● Work to be completed
Word for word, restate the entries below, but exclude the images.

·····

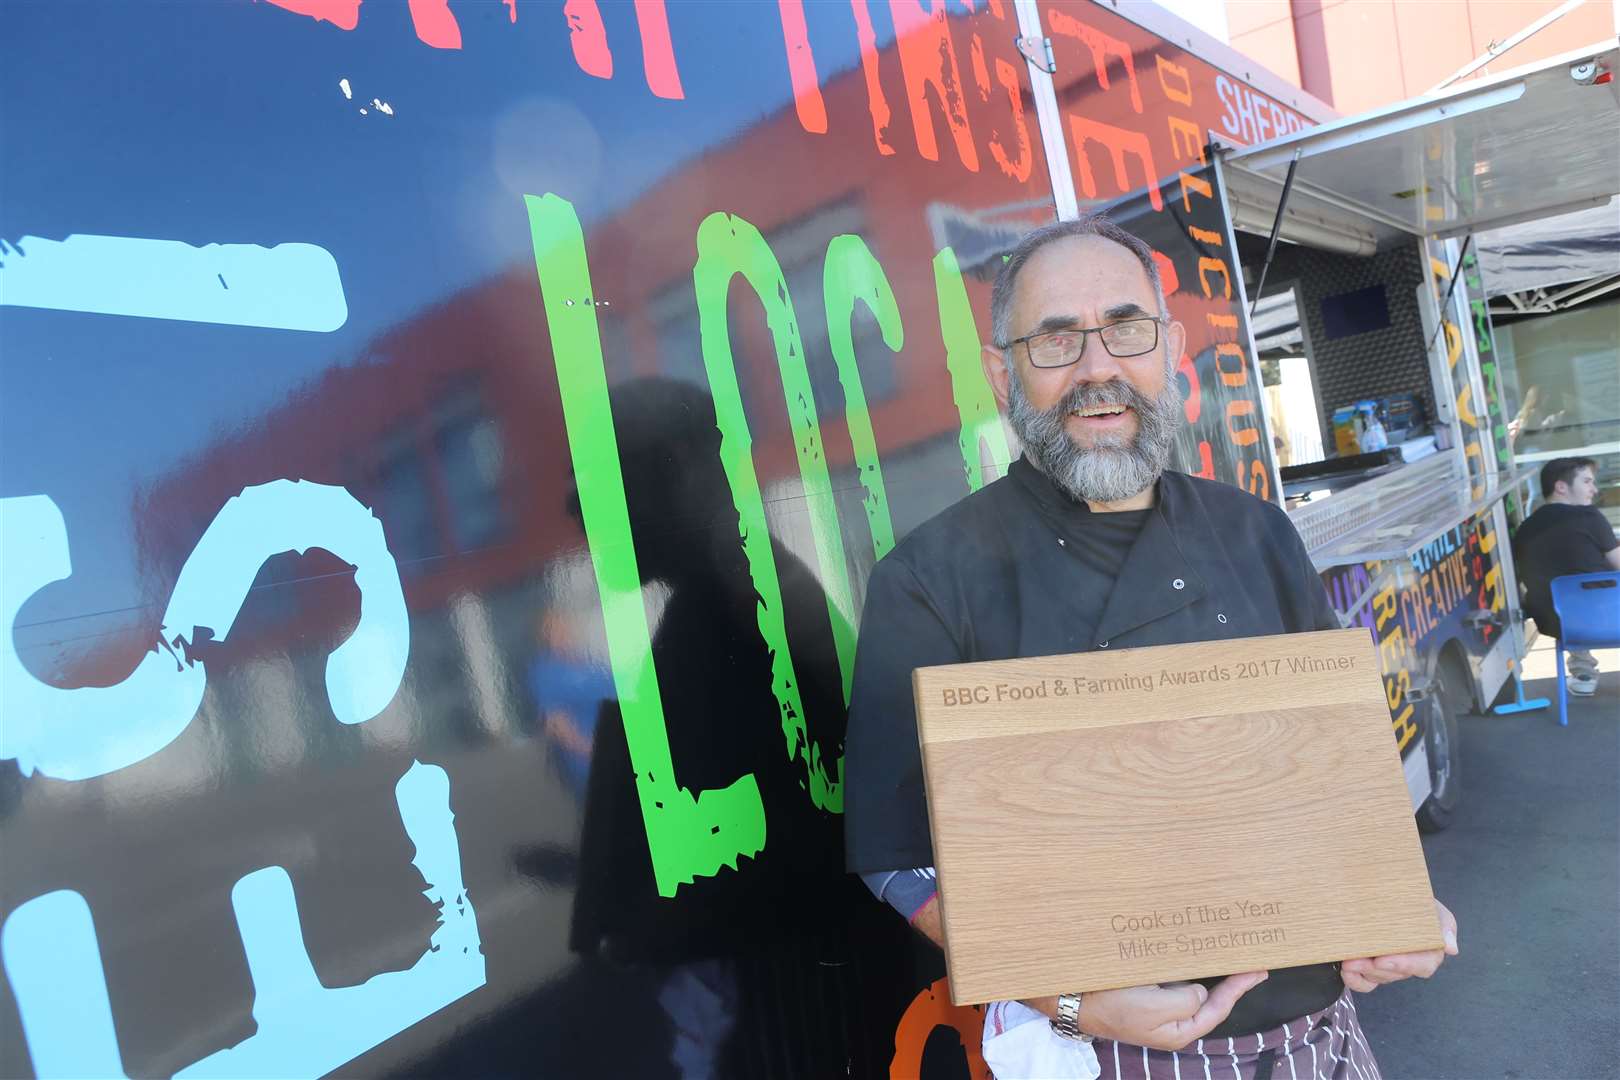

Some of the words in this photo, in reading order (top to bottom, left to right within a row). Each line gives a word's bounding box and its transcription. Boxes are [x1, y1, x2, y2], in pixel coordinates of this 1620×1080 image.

[1155, 54, 1269, 501] DELICIOUS
[1401, 546, 1472, 647] CREATIVE
[942, 685, 990, 707] BBC
[995, 680, 1048, 702] Food
[1054, 679, 1069, 697] &
[1073, 673, 1154, 694] Farming
[1159, 664, 1231, 687] Awards
[1235, 659, 1281, 679] 2017
[1286, 655, 1356, 674] Winner
[1111, 910, 1167, 933] Cook
[1172, 905, 1192, 926] of
[1199, 904, 1230, 924] the
[1236, 900, 1283, 919] Year
[1118, 937, 1168, 961] Mike
[1175, 926, 1287, 957] Spackman
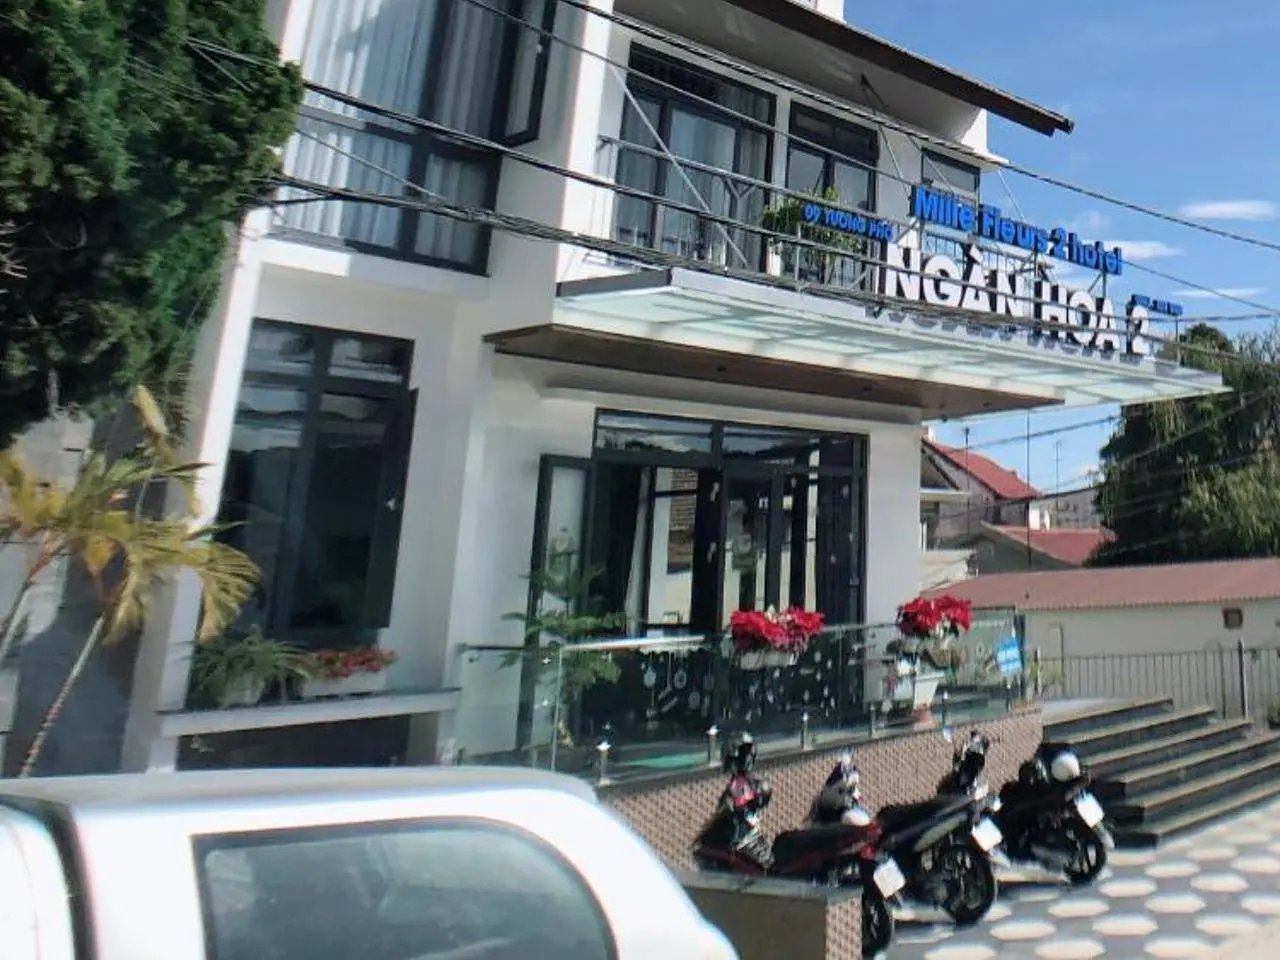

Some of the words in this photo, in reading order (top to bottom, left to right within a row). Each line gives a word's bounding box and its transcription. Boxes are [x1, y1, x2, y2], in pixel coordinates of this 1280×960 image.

[914, 184, 976, 231] Mille
[981, 205, 1048, 253] Fleurs
[1053, 227, 1068, 260] 2
[1070, 234, 1123, 275] hotel
[1041, 280, 1120, 351] HOA
[1131, 304, 1150, 355] 2
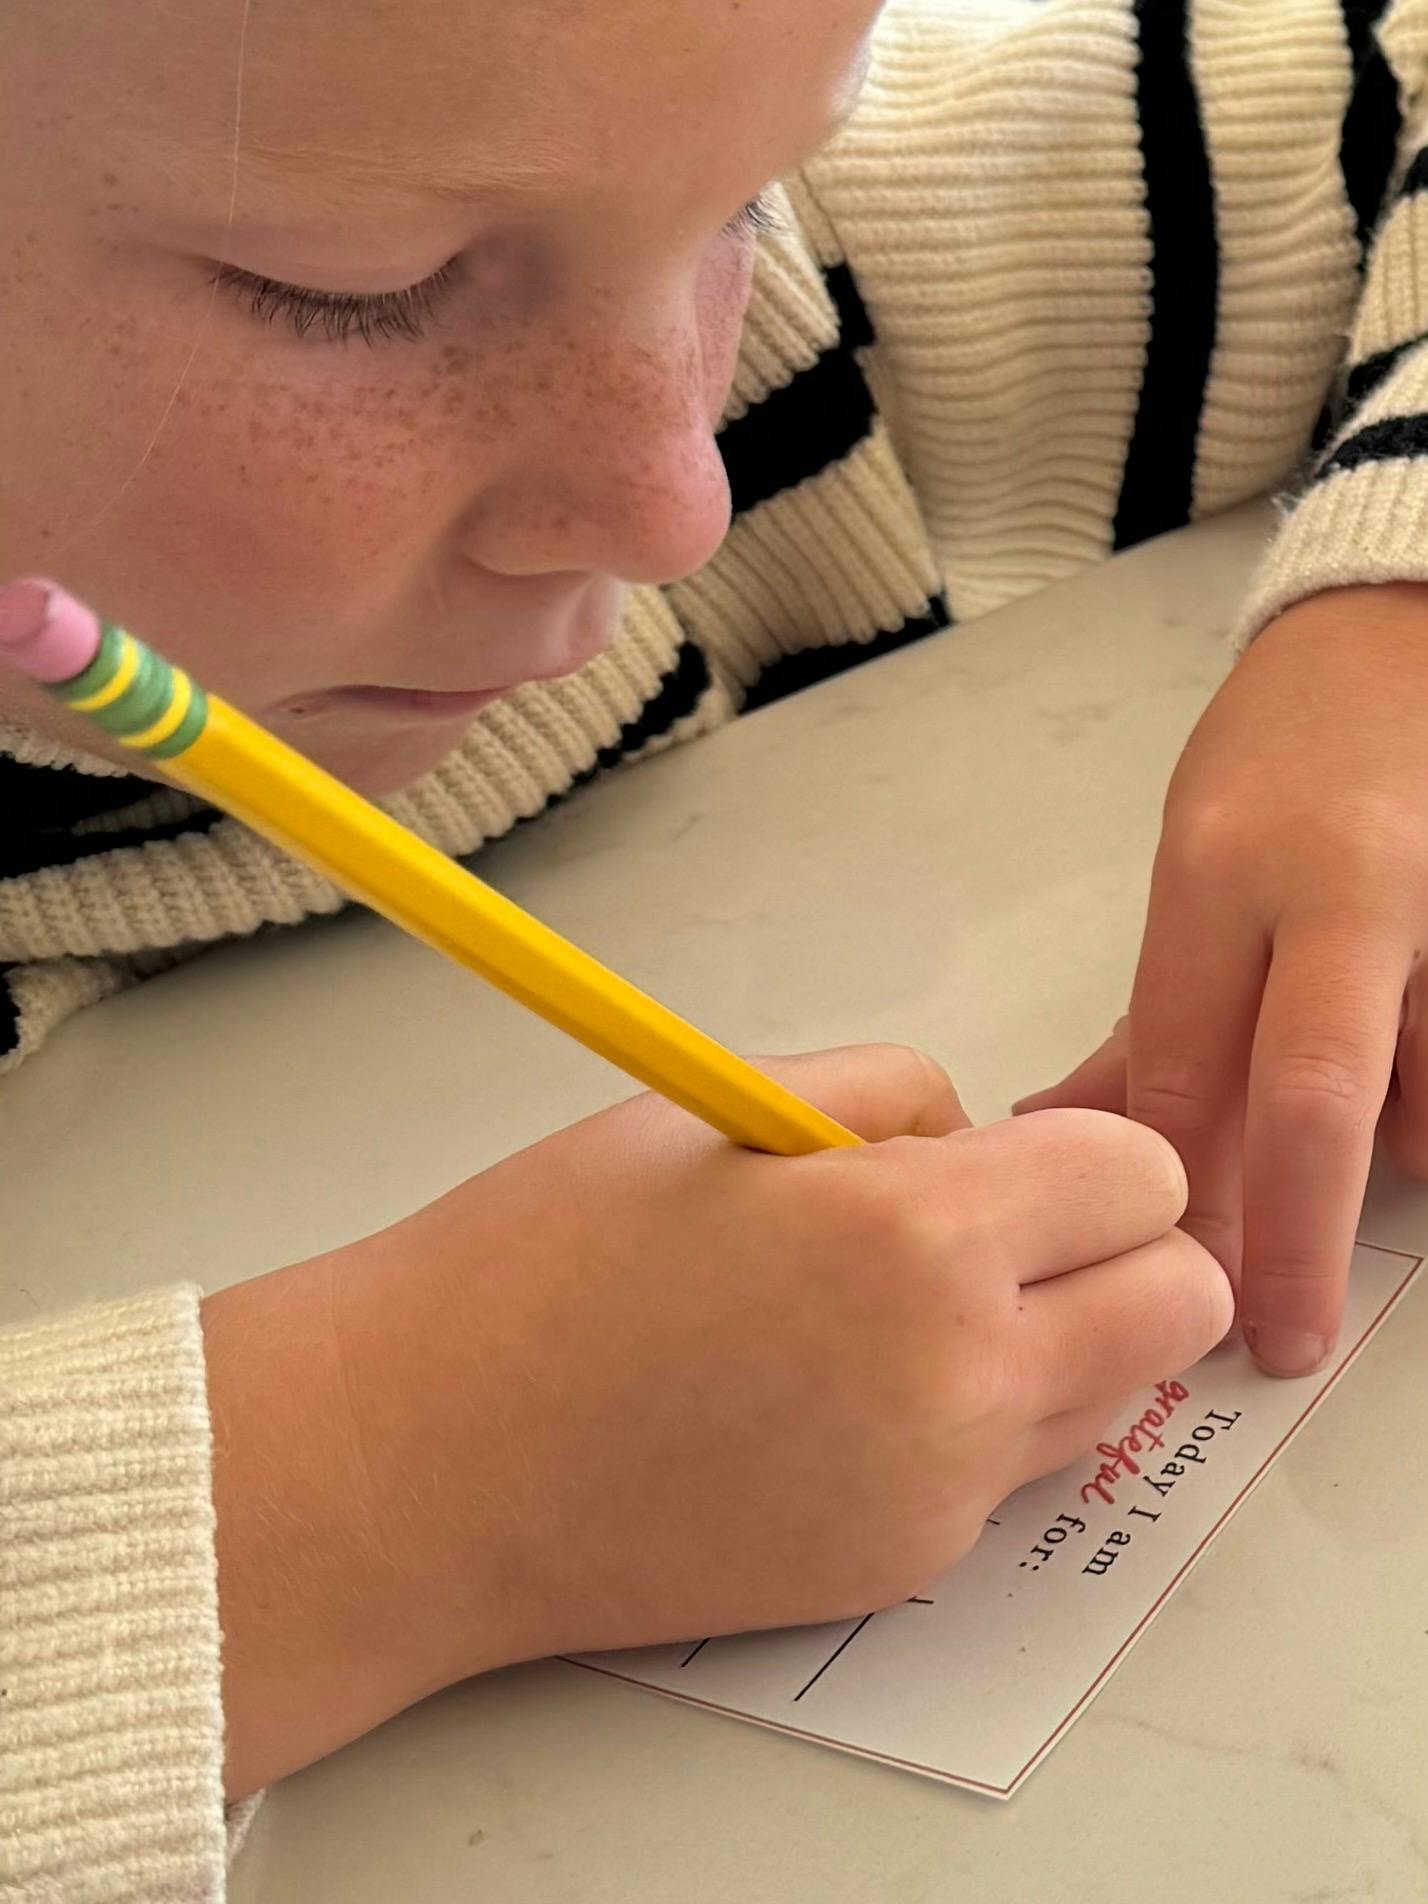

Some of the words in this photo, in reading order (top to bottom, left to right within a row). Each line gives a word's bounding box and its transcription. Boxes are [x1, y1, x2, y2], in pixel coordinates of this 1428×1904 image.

[1079, 1379, 1191, 1506] grateful
[1143, 1408, 1243, 1498] Today
[1017, 1512, 1088, 1573] for:
[1126, 1504, 1163, 1524] I
[1080, 1529, 1133, 1577] am
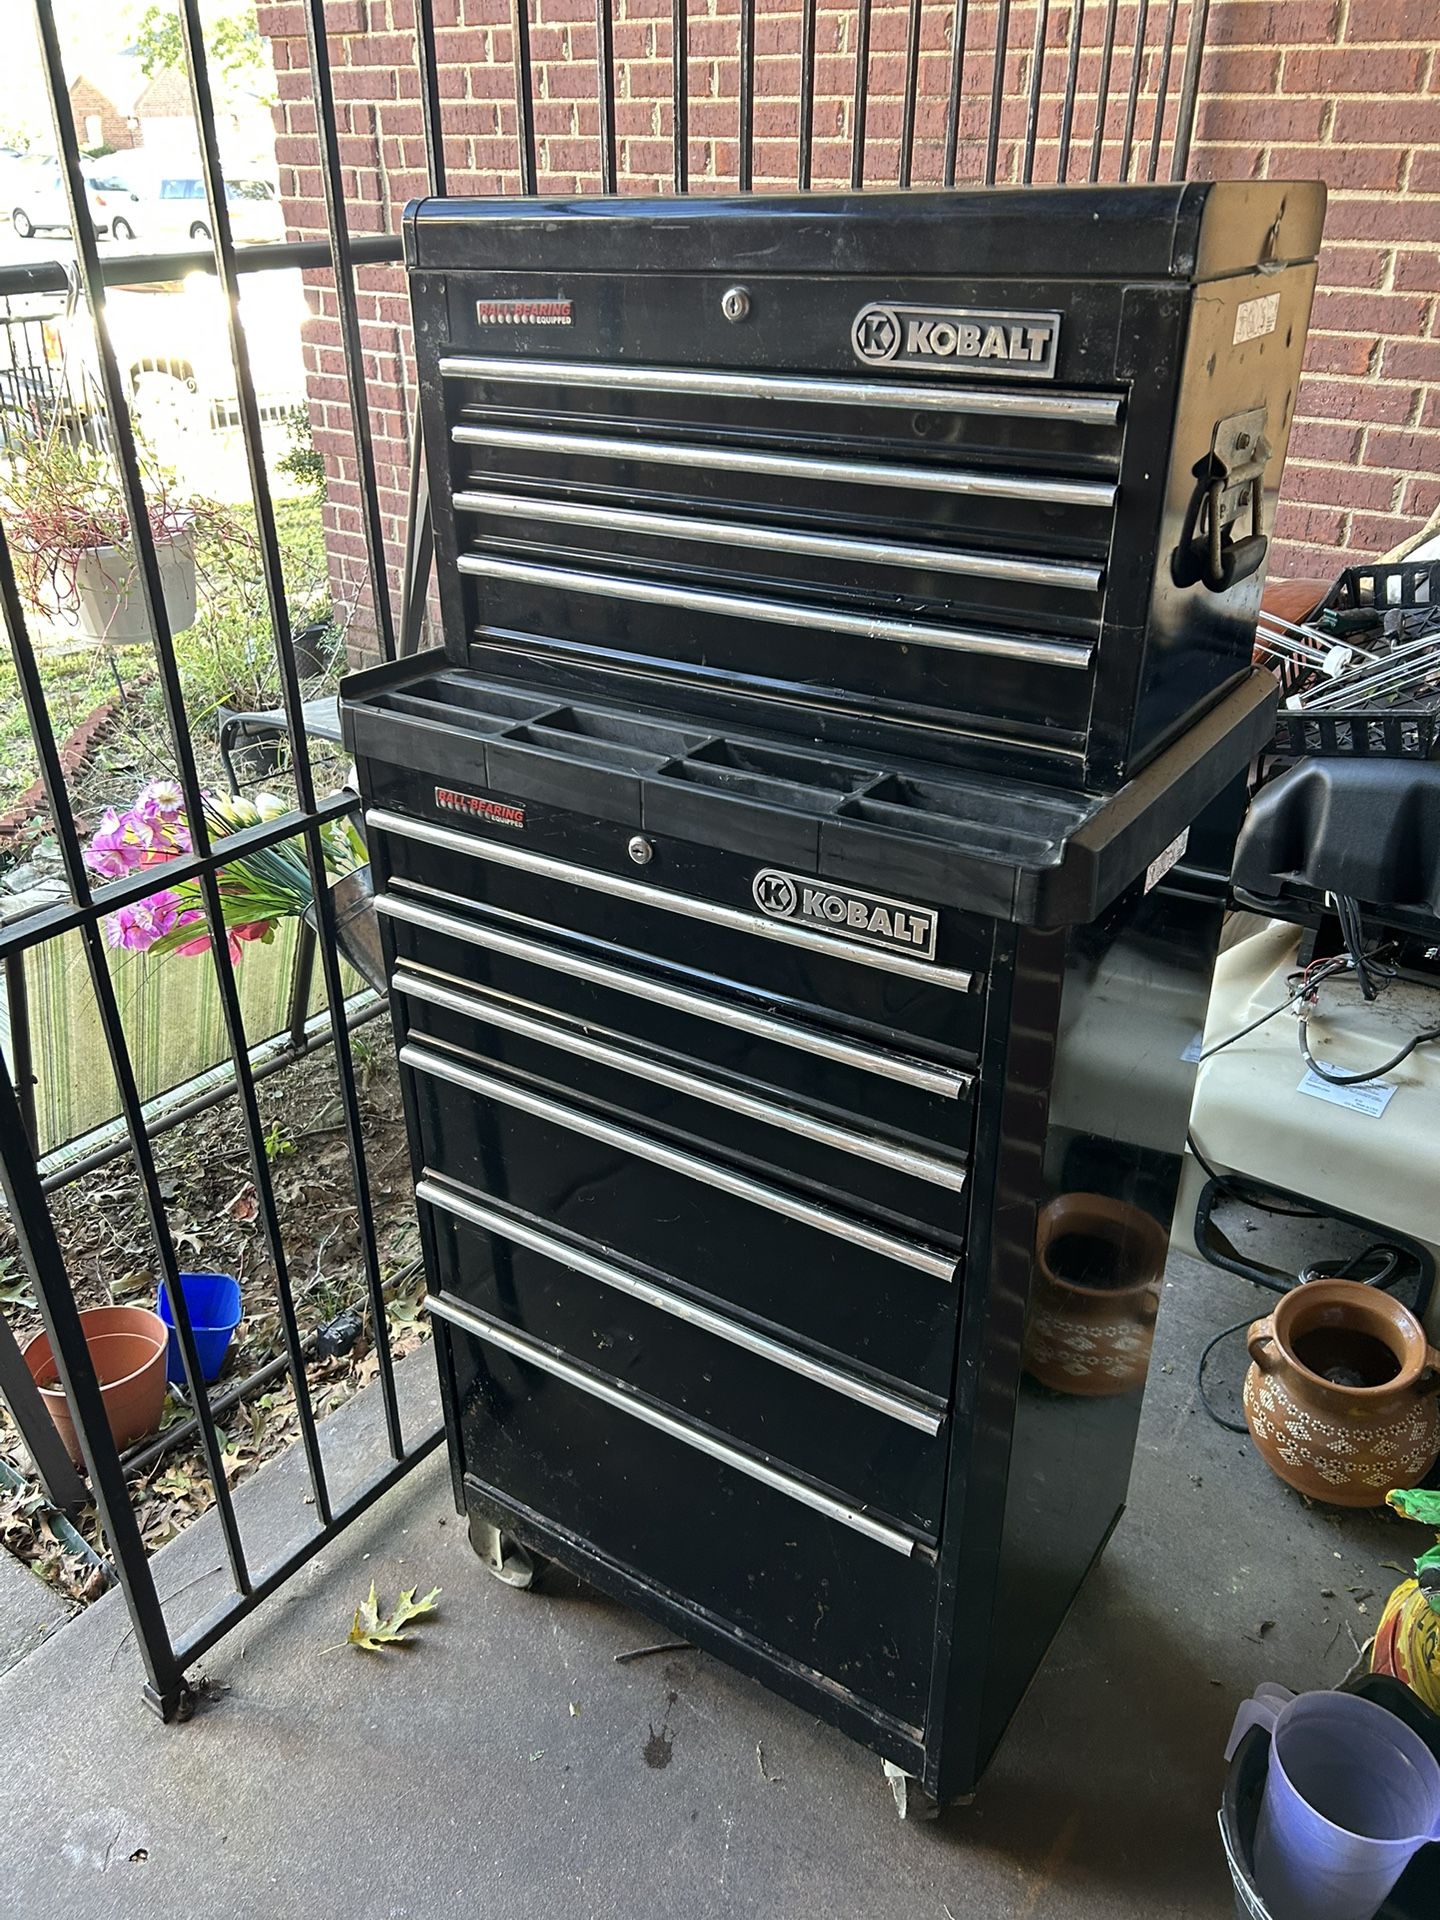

·····

● Completed task
Some of the words in this photo, in reading order (top to bottom, left to right within a row). Each line gives a word's bounding box and its transcription. Boxes are [x1, y1, x2, y2], in pixel coordinates of this 1620×1080 image.

[1155, 54, 1269, 501] DELICIOUS
[1401, 546, 1472, 647] CREATIVE
[942, 685, 990, 707] BBC
[995, 680, 1048, 702] Food
[1054, 679, 1069, 697] &
[1073, 673, 1154, 694] Farming
[1159, 664, 1231, 687] Awards
[1235, 659, 1281, 679] 2017
[1286, 655, 1356, 674] Winner
[1111, 910, 1167, 933] Cook
[1172, 905, 1192, 926] of
[1199, 904, 1230, 924] the
[1236, 900, 1283, 919] Year
[1118, 937, 1168, 961] Mike
[1175, 926, 1287, 957] Spackman

Some of the words in this photo, in reading order (top to bottom, left to right within a row). Each line gives a word's bounding box and its transcription. Boxes are [x1, y1, x2, y2], in pixel coordinates of this 1280×960 image.

[914, 184, 976, 231] Mille
[981, 205, 1048, 253] Fleurs
[1053, 227, 1068, 260] 2
[1070, 234, 1123, 275] hotel
[1041, 280, 1120, 351] HOA
[1131, 304, 1150, 355] 2

Some of the words in this photo, in reading order (top to bottom, left to right within a row). Each line gives a word's bounding box and its transcription. Boxes are [x1, y1, x2, y2], in pixel coordinates of this 1428×1904 image.

[1079, 1379, 1191, 1506] grateful
[1143, 1408, 1243, 1498] Today
[1017, 1512, 1088, 1573] for:
[1126, 1504, 1163, 1524] I
[1080, 1529, 1133, 1577] am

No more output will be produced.